Homes chief warns aged crisis worse
Narrogin Cottage Homes chief executive Julie Christensen says the aged care crisis has worsened, particularly in the regions.
The Royal Commission into Aged Care Quality and Safety provided an interim report at the end of last month and found the aged care system failed to meet the needs of elderly people.
Titled Neglect, the interim report found the aged care system needed an overhaul of its design, objectives, regulation and funding.
Mrs Christensen said since the release of the report, concerns regarding quality of care had continued to cause stress within the industry.
“We still have the same level of funding from the Government and our costs are continuing to escalate, especially wages,” she said.
“In order to get quality care for the people we care for and avoid the unfortunate situations being flagged by the royal commission, we need money.
“Nowhere is this more evident than in rural facilities.”

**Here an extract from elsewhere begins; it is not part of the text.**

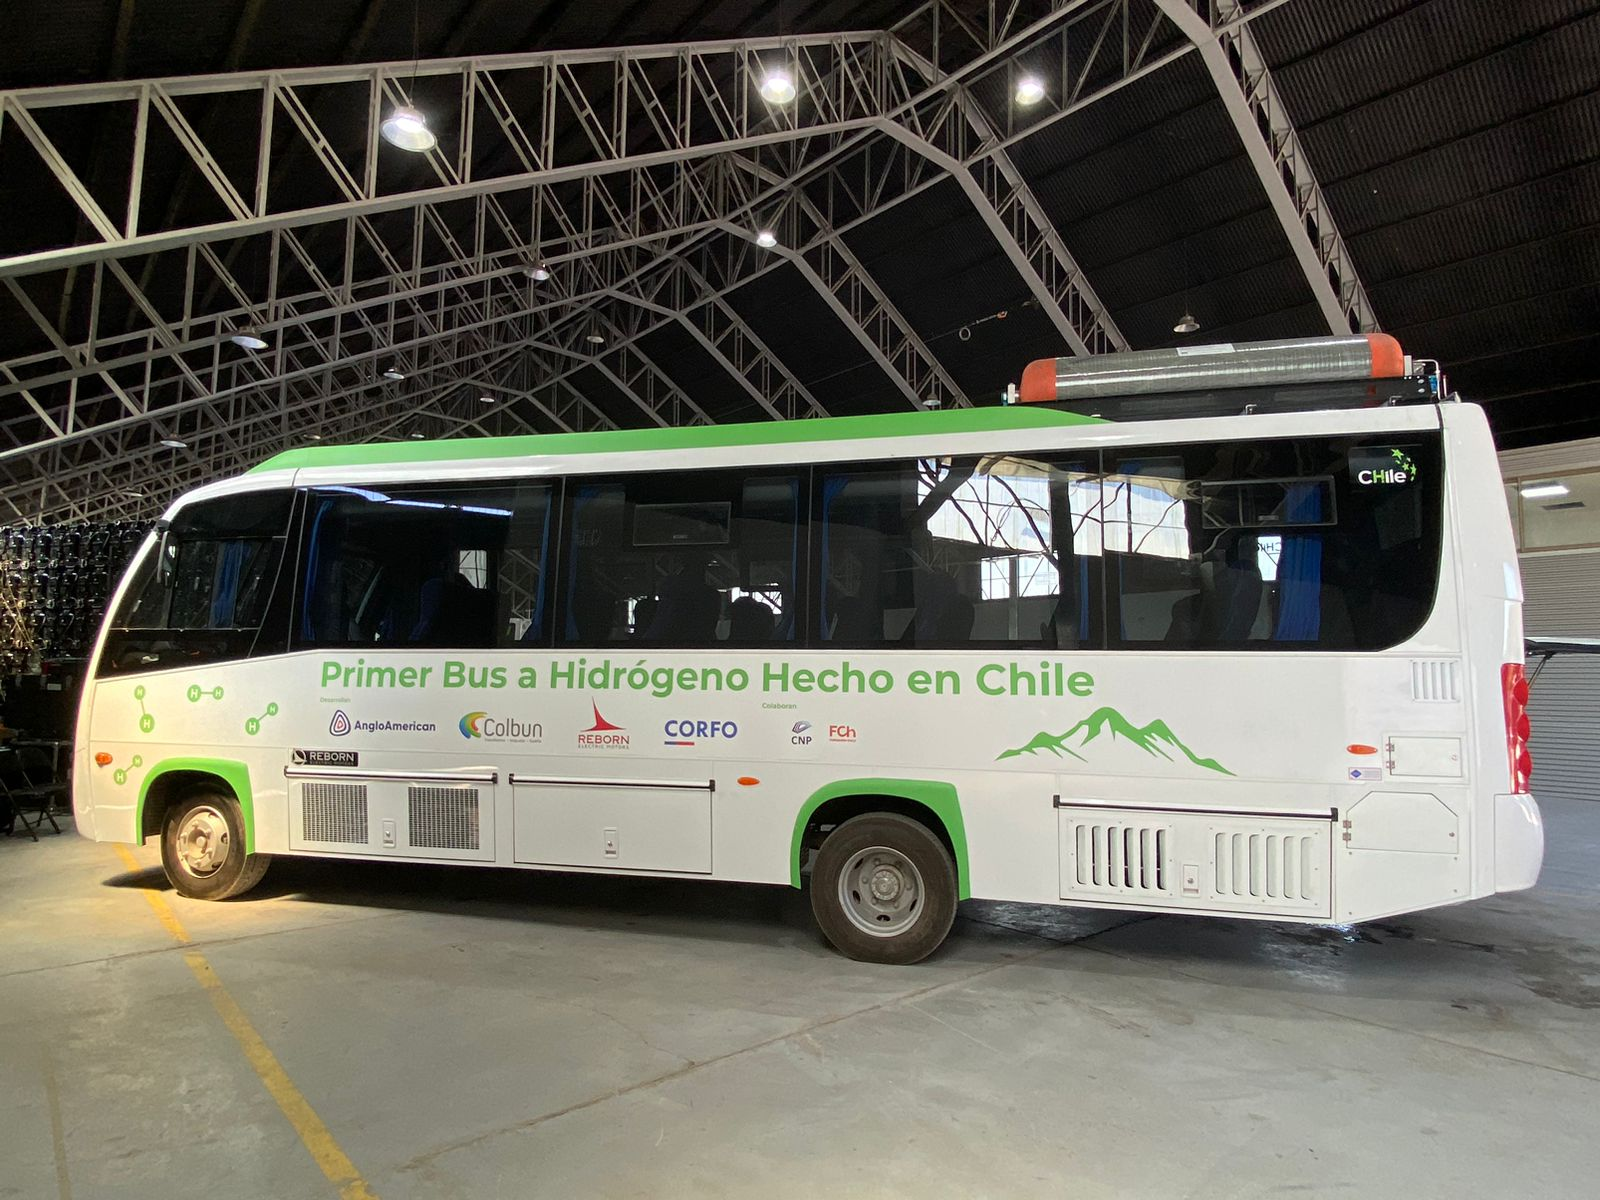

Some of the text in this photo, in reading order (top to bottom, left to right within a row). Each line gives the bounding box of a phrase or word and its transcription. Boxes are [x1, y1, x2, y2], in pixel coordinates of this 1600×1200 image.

Mrs Christensen said NCH had been looking for opportunities to save funds while maintaining an acceptable quality of care for residents.
“We have to make sure their home stays a safe and healthy place to live but it’s a bit hard to achieve sometimes,” she said.
In October, the Australian Medical Association called for a significant increase in Federal aged care funding in a 53-page submission to the royal commission.
Providing extra home care packages, reducing the use of psychotropic medications and stopping the flow of the younger generation going into aged care were the three key areas identified by the interim report where immediate action needed to be taken.
Mrs Christensen said it was hard to comment about the changes she wanted to see without seeing the final report.
“It’s OK to say money is one of those (areas of concern) but it’s not the only area,” she said.
“If the funds can be provided to ensure safe care, what is the balance for getting that extra money?”
The royal commission is required to provide a final report in November next year.